Vietnam - Foreign funds lack money to invest in Vietnam


Stagnant stock markets worldwide are making it hard for foreign investment funds to mobilize capital for projects in Vietnam.
Since 2010, even major names such as VinaCapital and Mekong Capital haven’t been able to raise funds to invest in Vietnam. VinaCapital, for example, failed to set up a stock fund worth US$200-300 million for investments in Vietnam’s stock market.
Some foreign investors are thus reconsidering whether to invest in Vietnam, said Andy Ho, VinaCapital’s Managing Director.Mekong Capital has also been unable to set up any new fund since 2010, said its General Director Chris Freund.

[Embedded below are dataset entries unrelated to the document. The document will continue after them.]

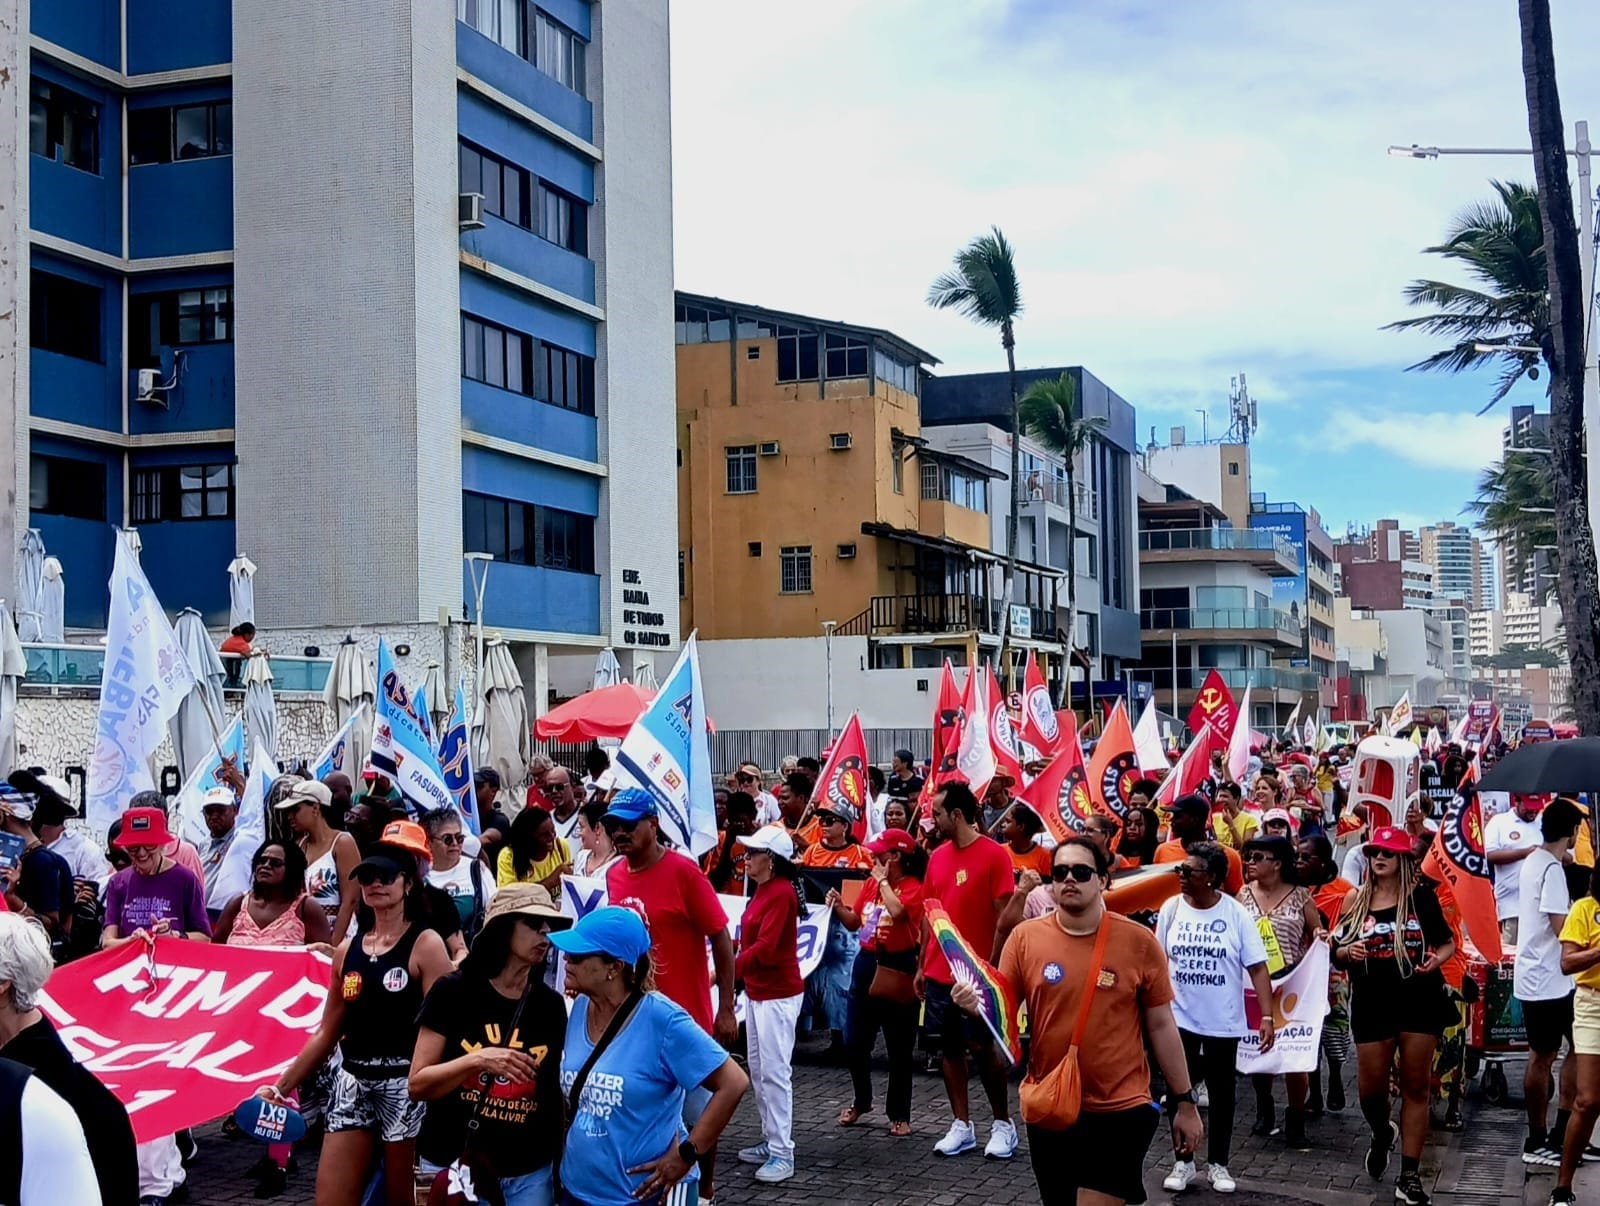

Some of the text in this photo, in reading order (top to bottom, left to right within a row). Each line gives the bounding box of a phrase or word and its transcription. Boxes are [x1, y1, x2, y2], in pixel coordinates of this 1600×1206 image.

[623, 589, 649, 605] BAHIA
[623, 609, 664, 626] DE TODOS
[624, 630, 670, 646] OS SANTOS
[1177, 932, 1221, 944] MINHA
[1179, 959, 1217, 971] SEREI
[93, 953, 273, 1019] FIM
[460, 1023, 549, 1067] LULA
[259, 1101, 287, 1125] 6X1
[498, 1110, 527, 1123] LIVRE

In addition to the local currency instability and inflation risk, Freund said the biggest factor determining the possibility of capital mobilization was divestment results of previous investments.

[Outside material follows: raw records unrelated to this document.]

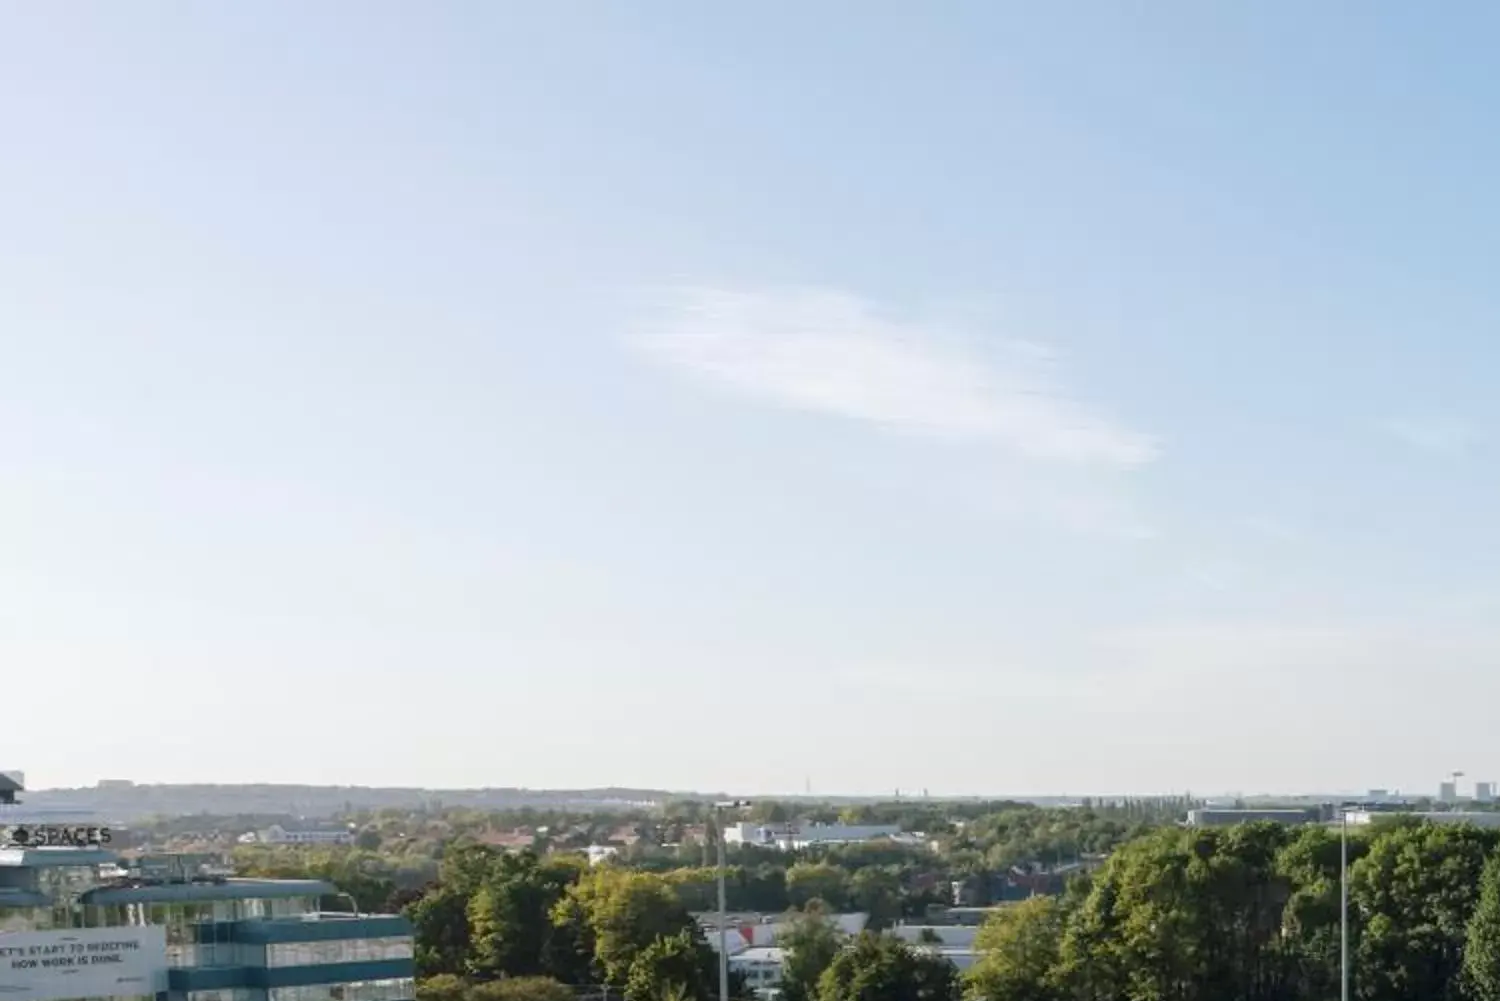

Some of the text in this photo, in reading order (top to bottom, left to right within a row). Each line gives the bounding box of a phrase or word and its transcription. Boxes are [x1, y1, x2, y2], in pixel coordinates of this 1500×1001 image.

[35, 827, 112, 845] SPACES
[29, 943, 65, 956] START
[70, 942, 85, 954] TO
[11, 959, 38, 970] HOW
[41, 956, 75, 968] WORK
[77, 955, 89, 965] IS

“Divestment results of funds in Vietnam are normally not as good as in China, Indonesia, or India,” Freund said.
However, the current results of Mekong Capital and other fund managers are improving gradually through investments in good firms such as ICP, Masan Food, Diana, and Saigon Paper, he said.
Fiachra Mac Cana from Ho Chi Minh City Securities Co. said foreign funds would invest in Vietnam only when they reduced investments in other markets.
Besides, Vietnam is now not included in an investment list of large funds. However, if they decided to pour only 0.5 percent of their money into Vietnam, dozens of others would follow suit as they often invest on the trend and grasp chances if notice a potential market, Fiachra said.
Several investors are fretting over a wave of divestments in 2012 and 2013 because of the expiry date of funds but Fiachra said he remained positive.
“If the central bank allows banks to provide stock investment loans next year, local investors will use up all funds of foreign investment funds,” he said.
Chris Freund said good investments such as Hoan My Hospital would raise the value of investment operation in private enterprises in Vietnam. Investment funds normally hold shares of a firm from 3 to 7 years and divestments occur when funds are due to expire.
Thomas Lanyi, Investment Director of Mekong Capital, said divestments were an inevitable part of stock investment.